This article explores the Butterworth low-pass filter, also known as the maximally flat filter, from the perspective of its pole-zero diagram.

Many people have heard the term “Butterworth filter” and have used these types of filters in their circuits. You certainly don’t have to be an expert in filter theory to successfully incorporate a filter topology into your designs. However, in some cases, it is beneficial to understand things more thoroughly. In the days of SPICE and Google searches and filter calculators, we sometimes need to take a step back and think about the theoretical and conceptual foundation upon which a functional circuit is built.

My objective in this article is to help you understand the Butterworth filter by presenting and discussing aspects of its pole-zero diagram.

 

Poles and Zeros

I previously wrote an article on poles and zeros in filter theory, in case you need a more extensive refresher on that topic. Poles represent frequencies that cause the denominator of a transfer function to equal zero, and they generate a reduction in the slope of the system’s magnitude response. Zeros represent frequencies that cause the numerator of a transfer function to equal zero, and they generate an increase in the slope of the system’s transfer function.

In this article, we will focus on the Butterworth low-pass filter, which has at least two poles and no zeros. (All low-pass filters have at least one zero at ω = infinity, but these don’t appear in the pole-zero diagram and can usually be ignored.)

 

Plotting Poles and Zeros

Information about a system’s poles and zeros can be conveyed visually by marking their locations in the complex plane. If you’ve read my article on the Nyquist plot or on complex-conjugate poles, or Dr. Sergio Franco’s article on pole splitting, you are familiar with the concept of a pole-zero plot.

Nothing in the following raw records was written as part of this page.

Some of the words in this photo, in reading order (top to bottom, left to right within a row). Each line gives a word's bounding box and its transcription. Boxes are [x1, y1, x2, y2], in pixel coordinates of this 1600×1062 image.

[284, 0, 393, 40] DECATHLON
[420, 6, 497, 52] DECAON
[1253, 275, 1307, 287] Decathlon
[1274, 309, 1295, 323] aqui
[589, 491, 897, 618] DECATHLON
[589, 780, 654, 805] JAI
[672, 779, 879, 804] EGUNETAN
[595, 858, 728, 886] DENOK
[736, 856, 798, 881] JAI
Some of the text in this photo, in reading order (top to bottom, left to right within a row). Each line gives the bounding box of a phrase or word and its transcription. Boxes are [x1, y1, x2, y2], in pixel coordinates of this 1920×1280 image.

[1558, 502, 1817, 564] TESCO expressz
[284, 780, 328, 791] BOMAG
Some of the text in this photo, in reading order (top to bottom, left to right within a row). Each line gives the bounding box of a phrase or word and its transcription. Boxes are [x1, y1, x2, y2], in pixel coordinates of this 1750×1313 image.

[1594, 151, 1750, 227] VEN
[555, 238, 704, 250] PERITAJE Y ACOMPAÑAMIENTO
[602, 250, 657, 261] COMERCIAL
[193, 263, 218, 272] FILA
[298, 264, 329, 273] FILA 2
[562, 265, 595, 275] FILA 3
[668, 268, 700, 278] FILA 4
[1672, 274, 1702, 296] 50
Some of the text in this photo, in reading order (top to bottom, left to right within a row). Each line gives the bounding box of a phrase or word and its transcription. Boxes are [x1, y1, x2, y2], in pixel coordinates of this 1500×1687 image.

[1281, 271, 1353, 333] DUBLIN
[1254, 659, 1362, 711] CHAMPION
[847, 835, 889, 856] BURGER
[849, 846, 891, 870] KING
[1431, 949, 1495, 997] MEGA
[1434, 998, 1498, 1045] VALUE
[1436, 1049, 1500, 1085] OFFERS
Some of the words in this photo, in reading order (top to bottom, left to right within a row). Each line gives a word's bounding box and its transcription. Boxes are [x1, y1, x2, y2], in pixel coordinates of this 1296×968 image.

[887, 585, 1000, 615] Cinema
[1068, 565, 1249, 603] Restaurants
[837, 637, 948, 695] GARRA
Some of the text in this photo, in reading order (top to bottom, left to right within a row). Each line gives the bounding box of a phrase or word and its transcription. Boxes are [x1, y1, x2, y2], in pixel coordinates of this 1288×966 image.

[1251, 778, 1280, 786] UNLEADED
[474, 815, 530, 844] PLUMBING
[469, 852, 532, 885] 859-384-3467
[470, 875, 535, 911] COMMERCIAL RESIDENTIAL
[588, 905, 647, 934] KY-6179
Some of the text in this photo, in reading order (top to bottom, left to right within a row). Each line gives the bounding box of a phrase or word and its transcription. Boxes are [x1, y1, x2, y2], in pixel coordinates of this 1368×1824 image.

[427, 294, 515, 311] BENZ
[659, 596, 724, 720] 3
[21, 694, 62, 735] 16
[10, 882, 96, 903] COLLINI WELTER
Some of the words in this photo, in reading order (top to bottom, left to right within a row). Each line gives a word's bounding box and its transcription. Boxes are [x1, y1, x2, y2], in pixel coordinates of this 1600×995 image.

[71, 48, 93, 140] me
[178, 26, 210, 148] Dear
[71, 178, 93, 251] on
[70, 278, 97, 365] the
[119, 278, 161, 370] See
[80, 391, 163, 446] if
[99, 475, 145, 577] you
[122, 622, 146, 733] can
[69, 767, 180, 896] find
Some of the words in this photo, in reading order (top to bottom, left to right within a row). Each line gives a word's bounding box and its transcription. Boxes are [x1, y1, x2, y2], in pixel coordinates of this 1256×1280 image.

The following diagram demonstrates the basic structure.

 

         

 

The location of a pole or zero is determined by its real part, which is plotted horizontally, and its imaginary part, which is plotted vertically. Poles are marked with an ✕, and zeros are marked with a circle. In the example above, the two poles represent a complex-conjugate pair, because they have real parts that are equal and imaginary parts that are equal in magnitude but opposite in sign.

A pole-zero plot is a convenient and effective means of conveying important information about a filter system. As you can see in the diagram below, it indicates both pole/zero frequency and Q factor:

 

    

The Butterworth Topology

I use the word “topology” here to emphasize the fact that the Butterworth “filter” is actually a class of circuits that have the same general characteristics.

As with most other things in life, you can’t have one system or device or material that is better than all others in every way. Instead, we have trade-offs: performance vs. affordability, durability vs. weight, free time vs. back-account balance, and so forth.

The Butterworth priority is passband flatness, and that is what unites the various instantiations of the Butterworth topology: they minimize the amount of magnitude variation that occurs prior to the cutoff frequency. This contrasts with the Chebyshev topology, which allows passband ripple in order to increase the steepness of the transition from passband to stopband.

Passband flatness is evident in the following plot, which is the magnitude response of a fourth-order Butterworth filter.

 

 

The Butterworth Pole-Zero Plot

To achieve a low-pass Butterworth response, we need to create a transfer function whose poles are arranged as follows:

 

This particular filter has four poles. Additional poles would need to follow the same pattern.

 

The following bullet points will help you to unpack the information contained in this diagram.

  • The fundamental characteristic of a low-pass Butterworth pole-zero plot is that the poles have equal angular spacing and lie along a semicircular path in the left half-plane.
  • All points on a circle have the same distance from the center of the circle. Thus, the distance between the origin and each pole is the same, and this in turn means that all poles have the same frequency.
  • The angle that separates the poles is equal to 180°/N, where N is the order of the filter. In the example above, N = 4, and the separation angle is 180°/4 = 45°.
  • The equal angular spacing of the Butterworth poles indicates that even-order filters will have only complex-conjugate poles. Odd-order filters have complex-conjugate poles plus one purely real pole that lies along the negative real axis at a distance of ω0 from the origin.
  • All poles have the same \[ω_0\], but the horizontal distance from the origin varies. Thus, the poles have different Q factors.

 

Conclusion

The pole-zero diagram that we examined in this article is not simply a way to describe a low-pass filter. Rather, the pole configuration is the theoretical basis for the design of a Butterworth filter. Given the required cutoff frequency and filter order, we would choose components such that pole locations adhere to the Butterworth arrangement.

Translating from pole-zero diagram to component values is not particularly easy; precalculated tables were used in the days before handy software tools, and my guess is that you’ll never need to perform this process manually. Nonetheless, it’s good to know at least something about underlying concepts, and I hope that you enjoyed this discussion of Butterworth theory.